Director Andy Muschietti’s It, adapted from King’s disquieting 1986 epic of the same name, doesn’t cut very deep and isn’t very scary. At its best, it’s a sometimes-entertaining evocation of the way kids think and talk within their little cliques, and of the way they protect one another with fierce loyalty. Rob Reiner’s 1986 Stand By Me is the obvious comparison point. It’s the end of the 1988 school year in the small Maine town of Derry, and a bunch of the nerdier, less-popular kids are looking forward to a summer of being picked on by the town bullies. There’s asthmatic mother’s boy Eddie Kaspbrak (Jack Dylan Grazer), gangly Jewish kid Stanley Uris (Wyatt Olef), whose religion puts him in the minority in small-town Maine, and wiseguy comedian Richie Tozier (Finn Wolfhard). Bill Denbrough (Jaeden Lieberher) is one of the quieter, more thoughtful members of the gang; he has a stutter he can’t control, and he’s still reeling from a recent family tragedy. His six-year-old brother, Georgie (Jackson Robert Scott), disappeared earlier in the year—the event is dramatized with chilling precision in the movie’s opening sequence.

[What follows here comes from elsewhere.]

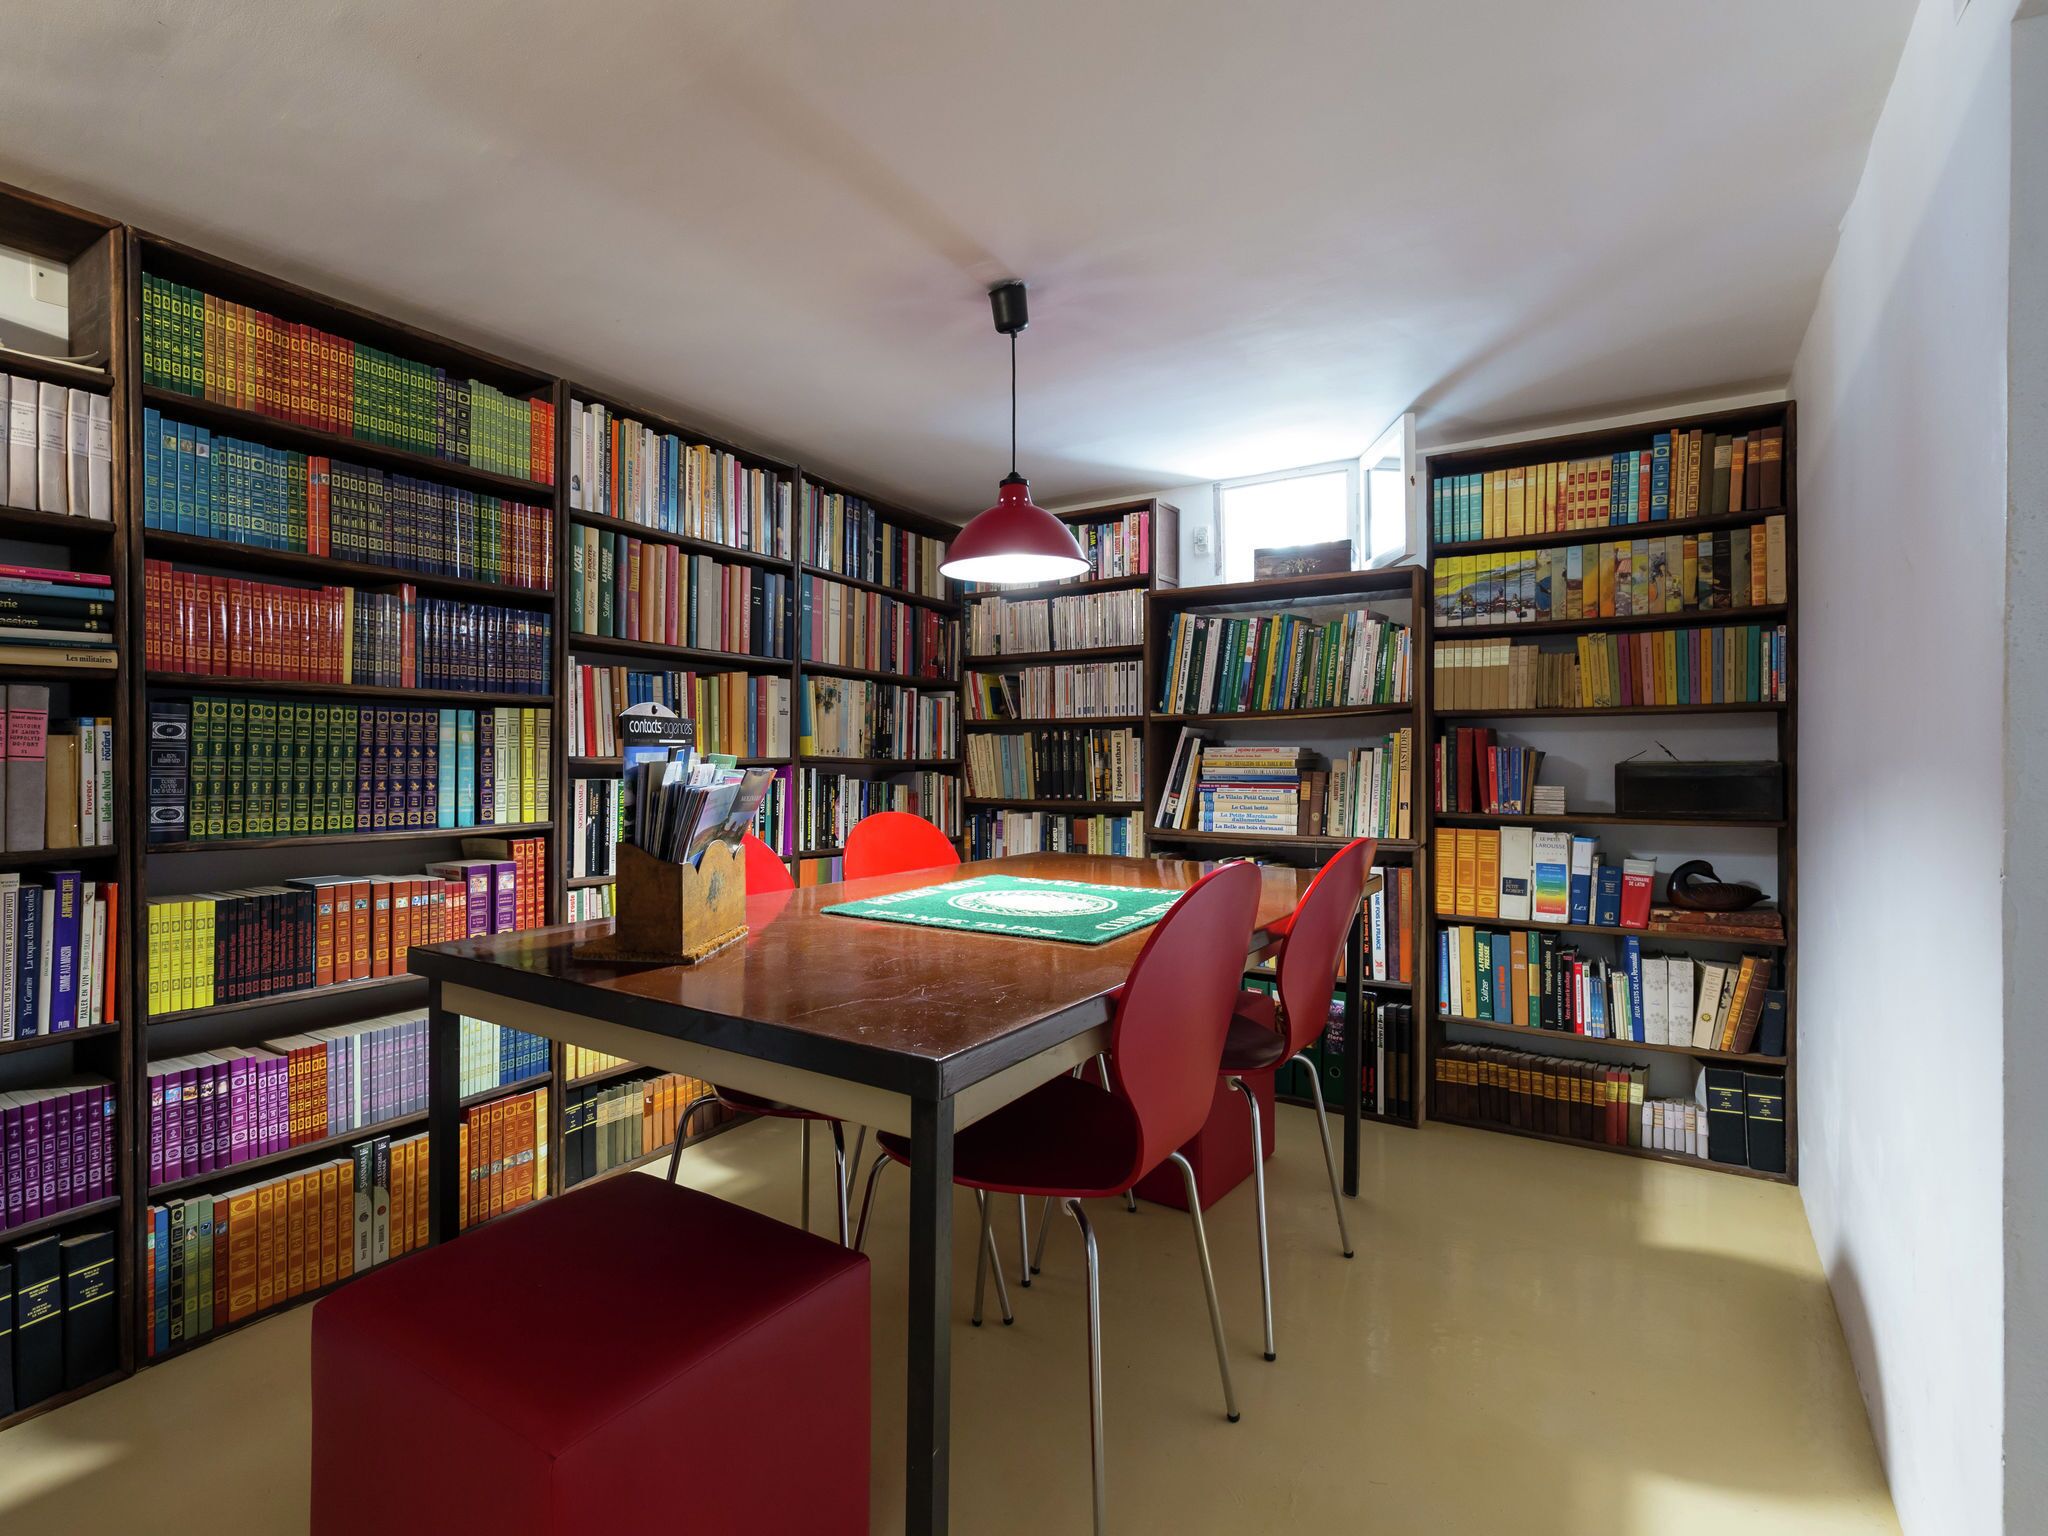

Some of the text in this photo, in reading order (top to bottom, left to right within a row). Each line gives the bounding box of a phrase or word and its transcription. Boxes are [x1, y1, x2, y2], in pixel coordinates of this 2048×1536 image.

The boys’ chief nemesis is teenage bad apple Henry Bowers (Nicholas Hamilton), and he’s not your average harmless misguided delinquent. At one point he attempts to carve his name into the stomach of another local kid, Ben Hanscom (Jeremy Ray Taylor). Ben is saved by Bill and the others, and two more kids end up joining the group: Mike (Chosen Jacobs) lives on a nearby sheep farm, where his chores include some of the more challenging work farmers need to do. He is also black, and so, like Stan, he’s another small-town Maine rarity. Beverly (Sophia Lillis), the only girl in the group, is slightly older, and she’s living a secret nightmare life at home. At school, she’s been branded “fast,” though there’s no truth to that accusation. She’s just a smart, considerate girl who tends to keep to herself.

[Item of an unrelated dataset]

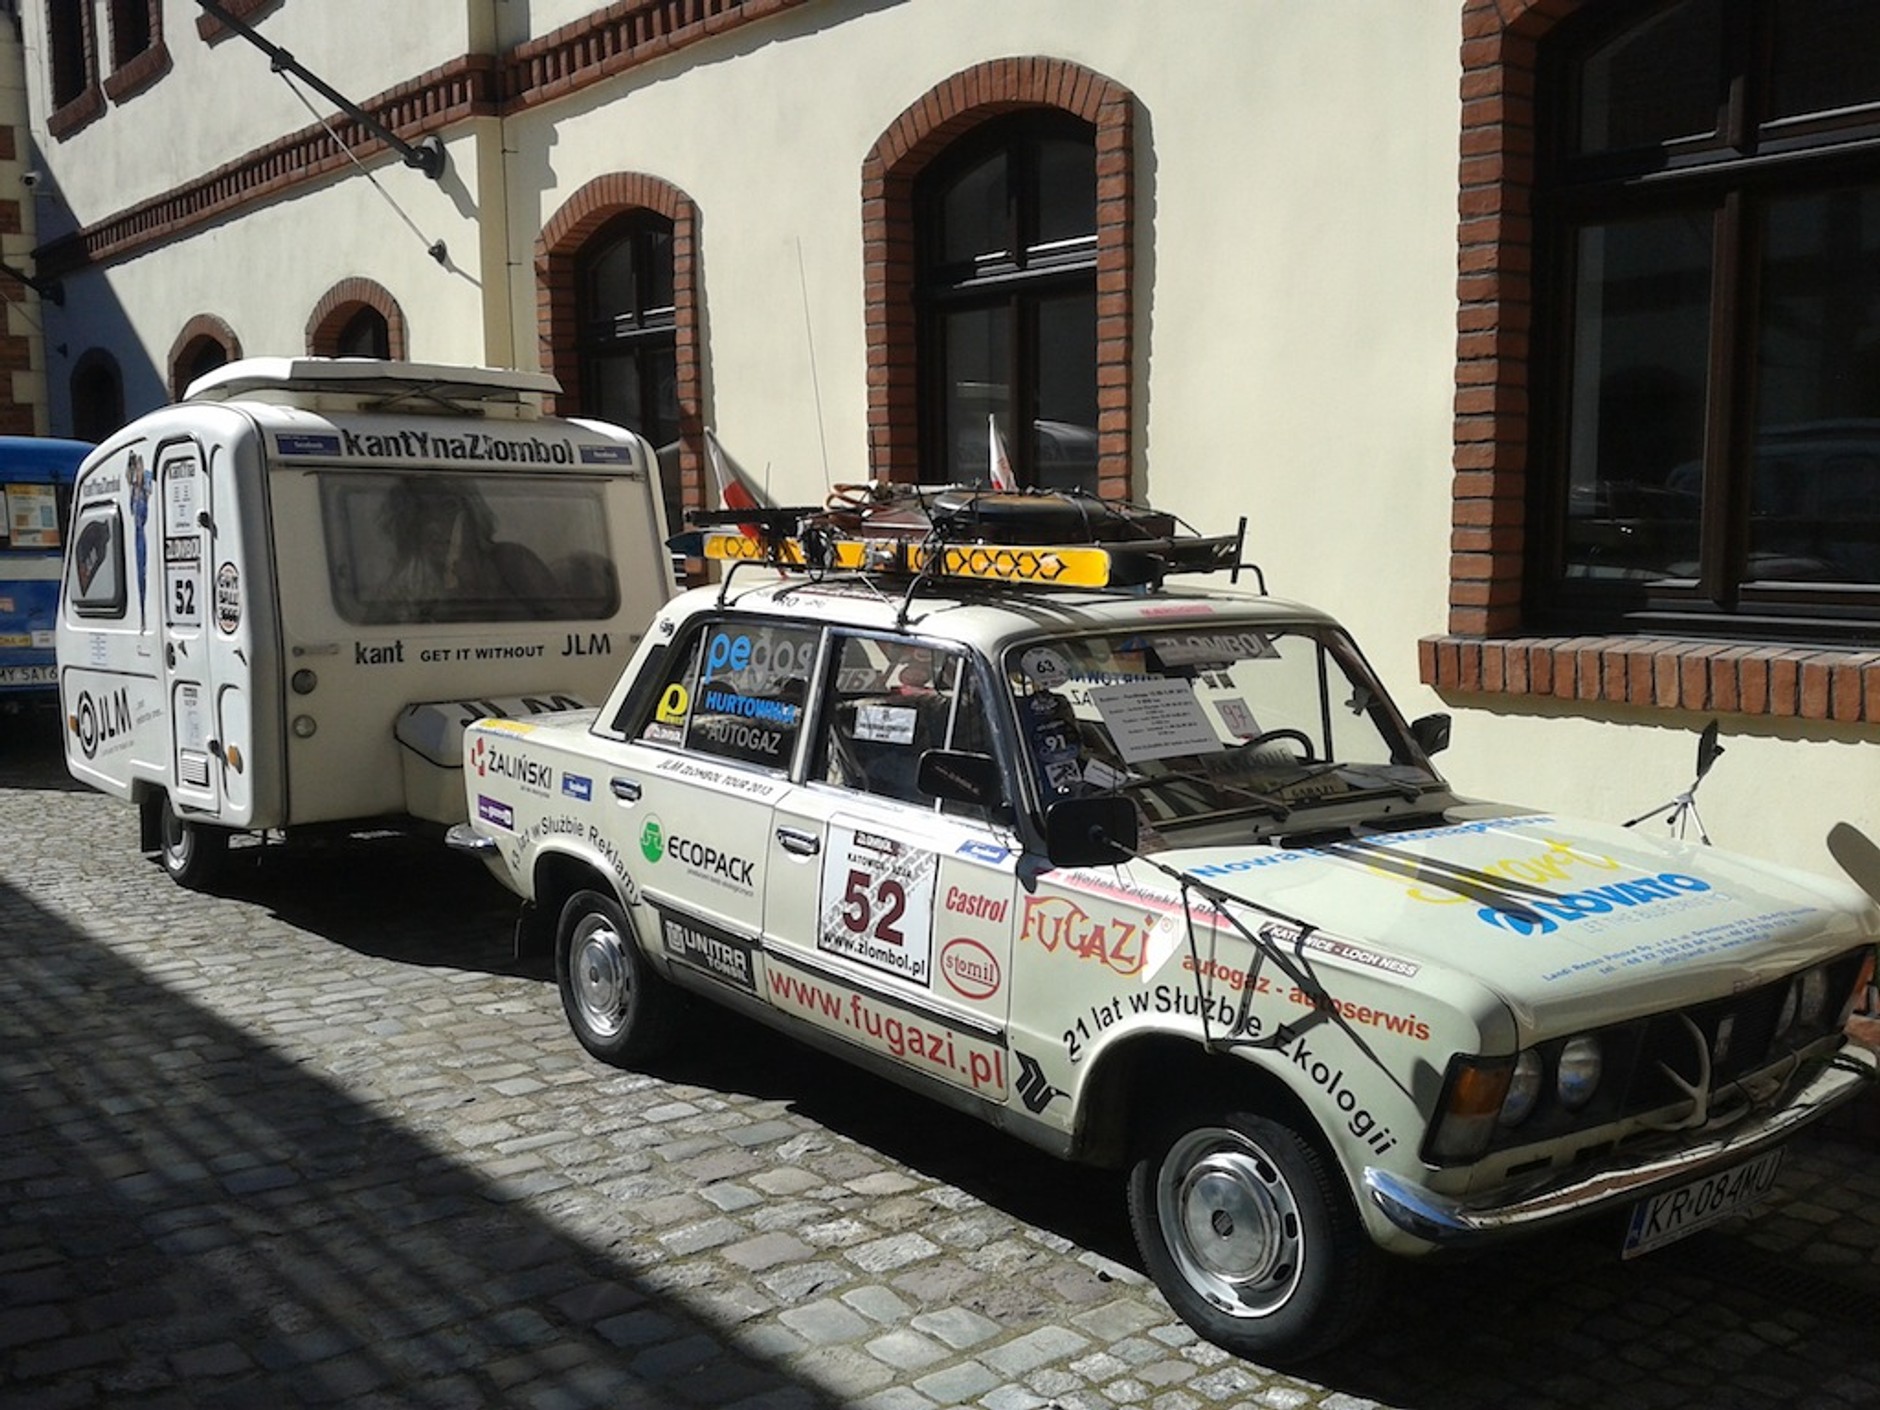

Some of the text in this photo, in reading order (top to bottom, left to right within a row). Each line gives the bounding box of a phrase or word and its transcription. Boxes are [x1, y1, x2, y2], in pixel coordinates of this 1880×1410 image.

Muschietti, who directed the effective 2013 horror thriller Mama, starring Jessica Chastain, does a fine job of sketching each of these kids as individuals, a challenge that even more experienced directors sometimes fail to meet. The problem is that the plot escalates in its ridiculousness, and Muschietti can’t control it. The kids learn that their town is in the grip of an evil force—the It of the title—who emerges every 27 years to feast on the locals, particularly the children. This It generally takes the form of Pennywise (played by Bill Skarsgård), an old-school circus clown with menacing eyes who lives in the town’s sewers and whose presence is sometimes announced by an ominous, free-floating red balloon.

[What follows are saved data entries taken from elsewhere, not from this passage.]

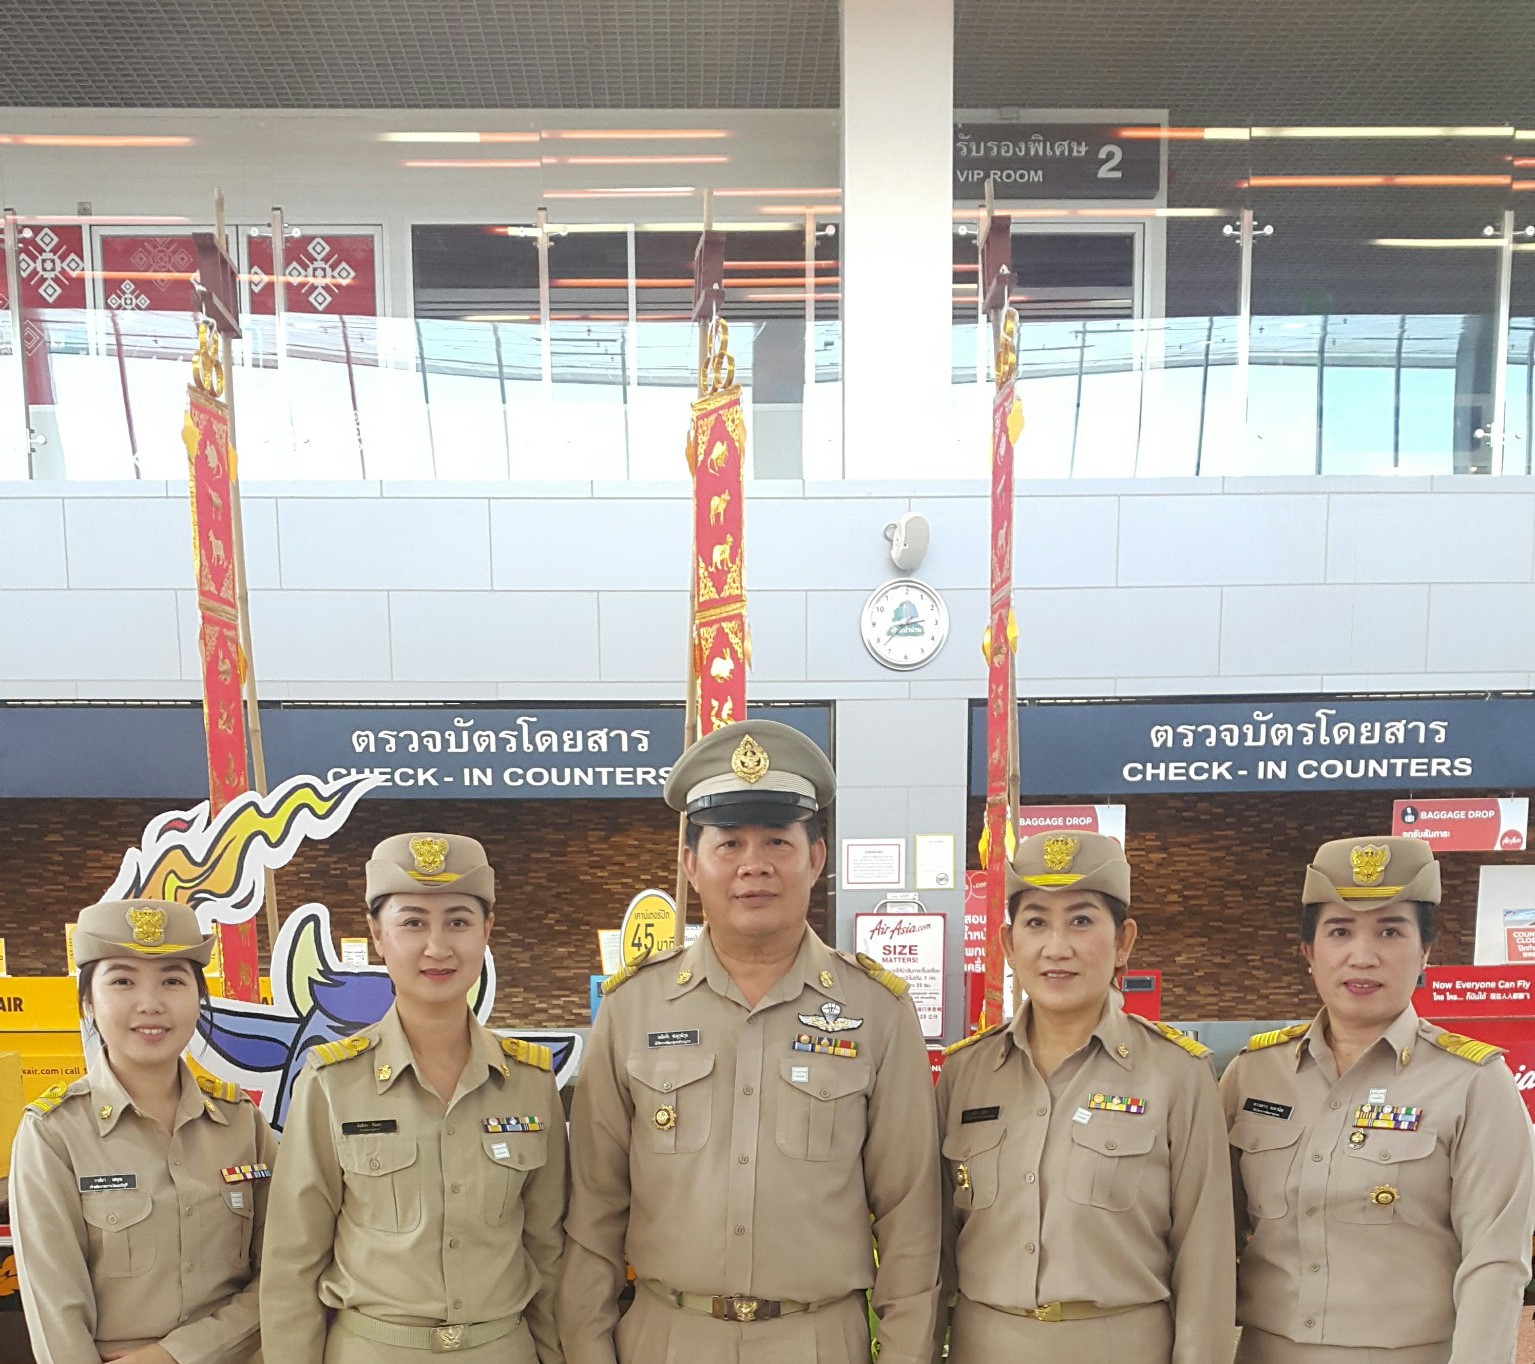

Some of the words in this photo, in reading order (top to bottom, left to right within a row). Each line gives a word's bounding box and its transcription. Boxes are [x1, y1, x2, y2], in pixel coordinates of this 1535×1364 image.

[1097, 144, 1123, 178] 2
[956, 170, 984, 182] VIP
[990, 170, 1043, 182] ROOM
[351, 716, 651, 753] ตรวจบัตรโดยสาร
[1150, 709, 1448, 748] ตรวจบัตรโดยสาร
[463, 767, 493, 786] IN
[1257, 760, 1288, 779] IN
[1298, 757, 1473, 779] COUNTERS
[1019, 817, 1064, 826] BAGGAGE
[1066, 817, 1092, 825] DROP
[1420, 811, 1466, 819] BAGGAGE
[1468, 810, 1495, 818] DROP
[631, 923, 655, 951] 45
[882, 945, 918, 956] SIZE
[1432, 981, 1453, 989] Now
[1456, 981, 1496, 989] Everyone
[1498, 980, 1515, 989] Can
[1517, 980, 1531, 989] Fly

Once the kids realize what It is up to, they want to stop It once and for all. Pennywise is one scary clown, a creature with red greasepaint stripes that trail from his eyes to his leering lips like bloody tears. The first time you see him—in the movie’s genuinely unnerving but also poetic opening, which hews closely to King’s beautifully written first chapter—he’s so scary you wonder if you might be in for a masterpiece. But by the tenth or twelfth—or perhaps twentieth?—time he shows up, the novelty has worn off. Muschietti relies too much on your garden-variety jump scares and now-standard special effects, things like ghoulish limbs twisting every which-way and innocent figures shape-shifting into malevolent ones. As always, the horrors you get a close look at are much less terrifying than those that remain unseen.
And that’s the chief problem with adapting any Stephen King novel: Nothing ever looks as scary on-screen as it does in our minds, when we’re sitting alone with a book. With It, seeing isn’t the same as believing.